# Assignment:
Reproduce, with no edits, the line that contains "this 1280×1600 image." and all the lines that follow it, ending with the last line of the records.

Stored items from a collection:
++++++++++++++++++++

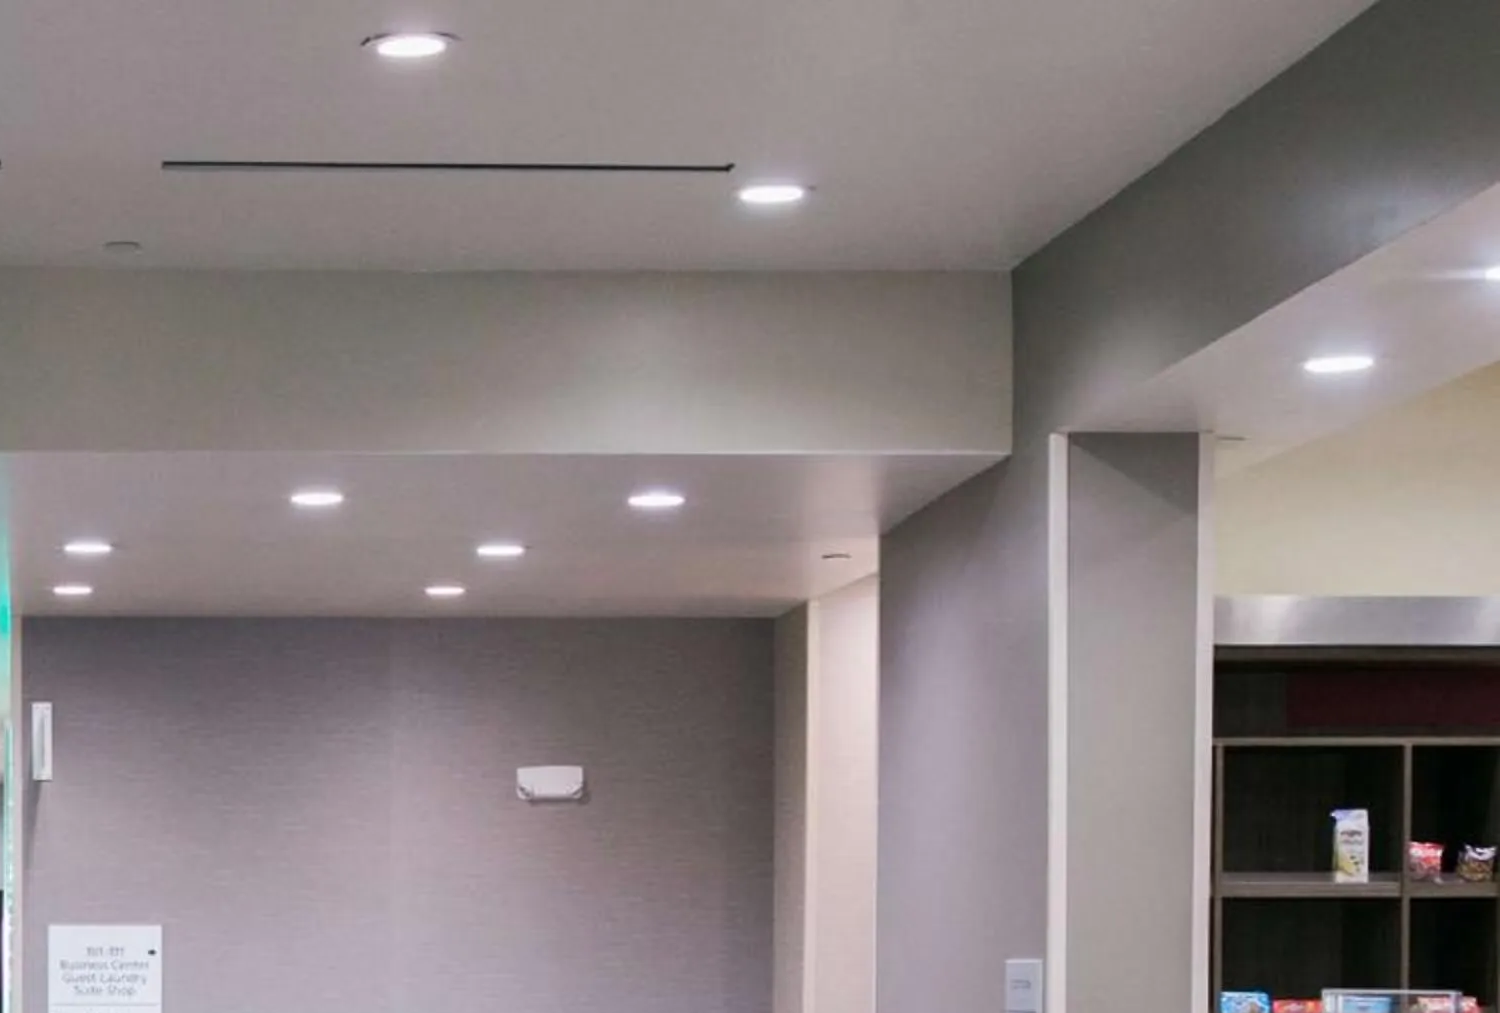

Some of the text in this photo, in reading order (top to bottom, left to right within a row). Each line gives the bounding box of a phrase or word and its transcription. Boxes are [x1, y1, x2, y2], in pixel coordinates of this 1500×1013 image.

[59, 959, 149, 970] Business Center
[61, 971, 147, 985] Guest Laundry
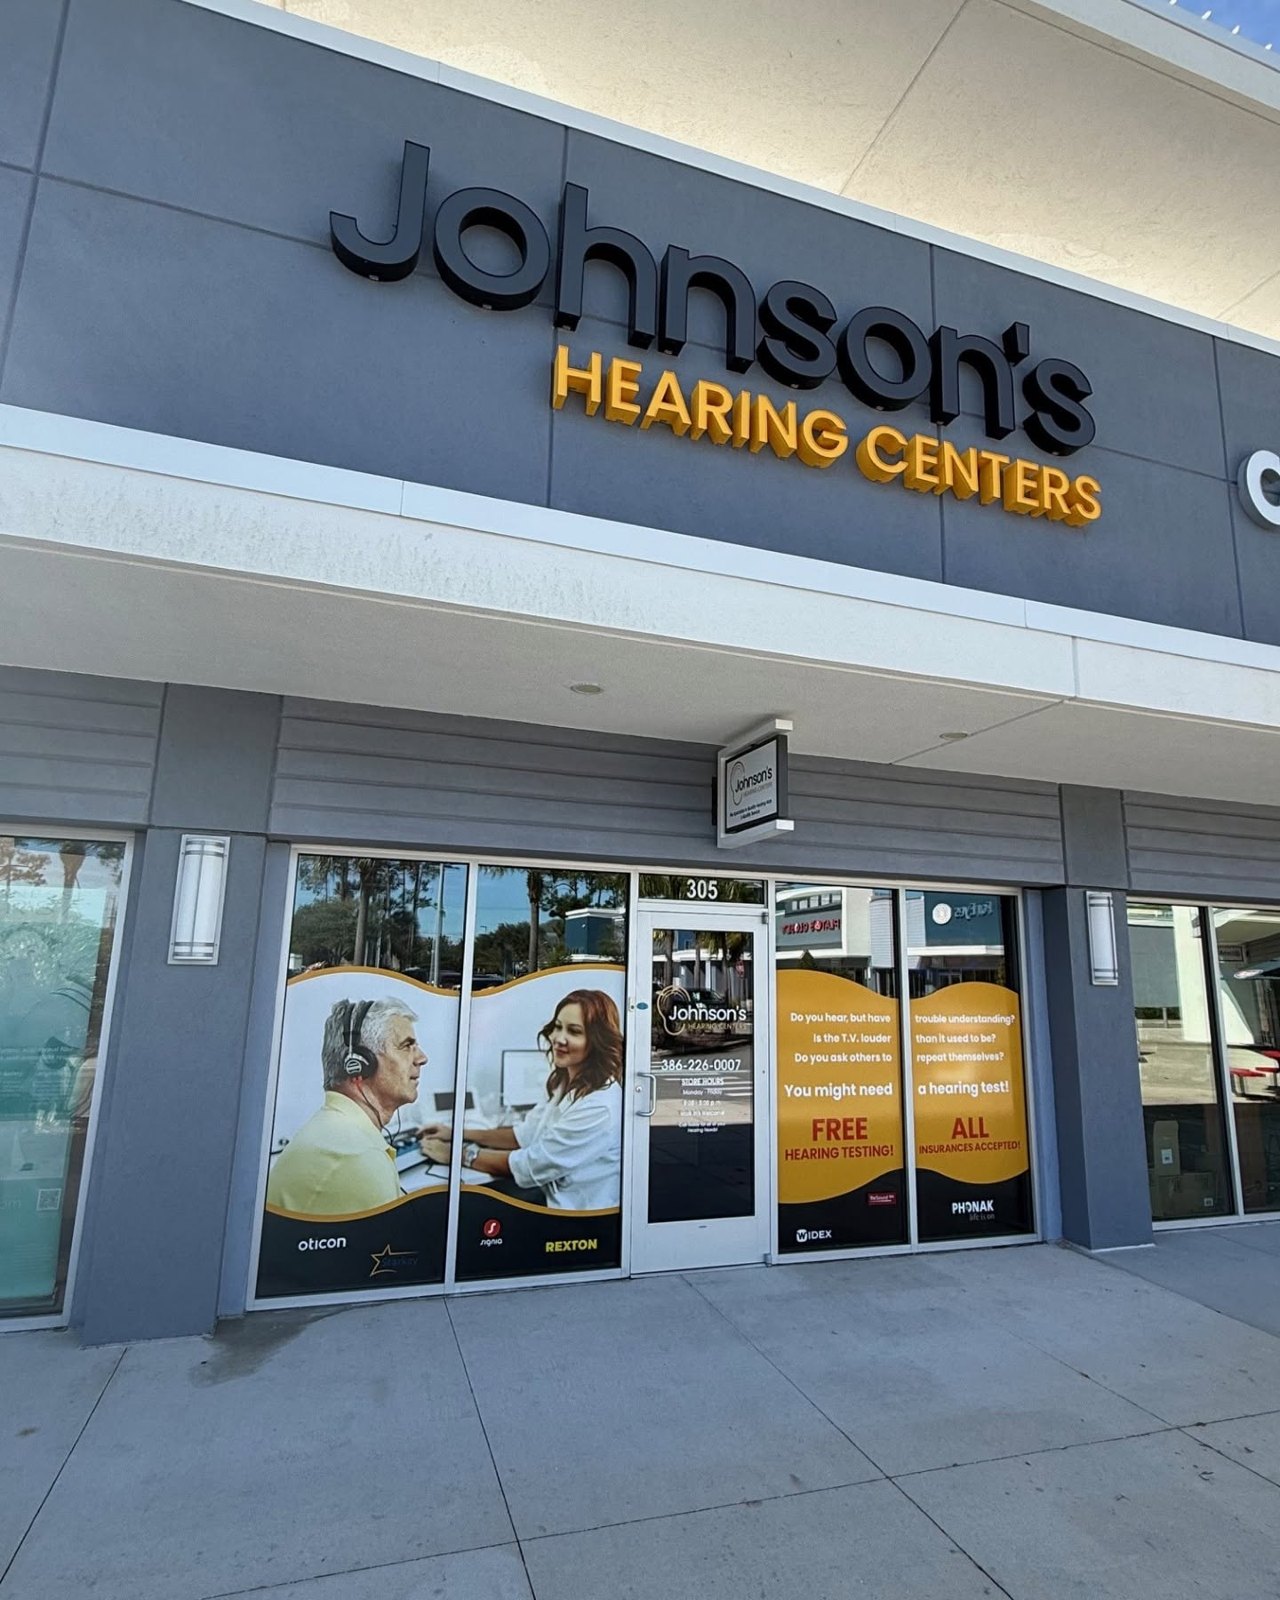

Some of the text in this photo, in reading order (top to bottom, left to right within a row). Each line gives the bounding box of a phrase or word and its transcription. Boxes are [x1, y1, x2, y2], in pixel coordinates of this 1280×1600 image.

[329, 140, 1096, 456] Johnson's
[553, 345, 1102, 526] HEARING CENTERS
[735, 766, 772, 793] Johnson's
[687, 879, 718, 899] 305
[668, 1005, 747, 1020] Johnson's
[790, 1013, 891, 1024] Do you hear, but have
[915, 1014, 1015, 1025] trouble understanding?
[823, 1033, 840, 1042] the
[841, 1033, 859, 1042] T.V.
[861, 1033, 891, 1043] louder
[916, 1033, 996, 1043] than it used to be?
[661, 1059, 741, 1071] 386-226-0007
[794, 1053, 892, 1065] Do you ask others to
[917, 1052, 1004, 1065] repeat themselves?
[784, 1083, 892, 1100] You might need
[918, 1080, 1009, 1097] a hearing test!
[812, 1117, 868, 1141] FREE
[951, 1117, 989, 1139] ALL
[785, 1145, 894, 1160] HEARING TESTING!
[919, 1141, 1021, 1154] INSURANCES ACCEPTED!
[951, 1200, 994, 1214] PHONAK
[480, 1238, 503, 1247] signia
[796, 1229, 832, 1242] WIDEX
[298, 1237, 347, 1251] oticon
[545, 1239, 598, 1253] REXTON

++++++++++++++++++++

# Task result:
Some of the text in this photo, in reading order (top to bottom, left to right within a row). Each line gives the bounding box of a phrase or word and its transcription. Boxes are [x1, y1, x2, y2], in pixel coordinates of this 1280×1600 image.

[329, 140, 1096, 456] Johnson's
[553, 345, 1102, 526] HEARING CENTERS
[735, 766, 772, 793] Johnson's
[687, 879, 718, 899] 305
[668, 1005, 747, 1020] Johnson's
[790, 1013, 891, 1024] Do you hear, but have
[915, 1014, 1015, 1025] trouble understanding?
[823, 1033, 840, 1042] the
[841, 1033, 859, 1042] T.V.
[861, 1033, 891, 1043] louder
[916, 1033, 996, 1043] than it used to be?
[661, 1059, 741, 1071] 386-226-0007
[794, 1053, 892, 1065] Do you ask others to
[917, 1052, 1004, 1065] repeat themselves?
[784, 1083, 892, 1100] You might need
[918, 1080, 1009, 1097] a hearing test!
[812, 1117, 868, 1141] FREE
[951, 1117, 989, 1139] ALL
[785, 1145, 894, 1160] HEARING TESTING!
[919, 1141, 1021, 1154] INSURANCES ACCEPTED!
[951, 1200, 994, 1214] PHONAK
[480, 1238, 503, 1247] signia
[796, 1229, 832, 1242] WIDEX
[298, 1237, 347, 1251] oticon
[545, 1239, 598, 1253] REXTON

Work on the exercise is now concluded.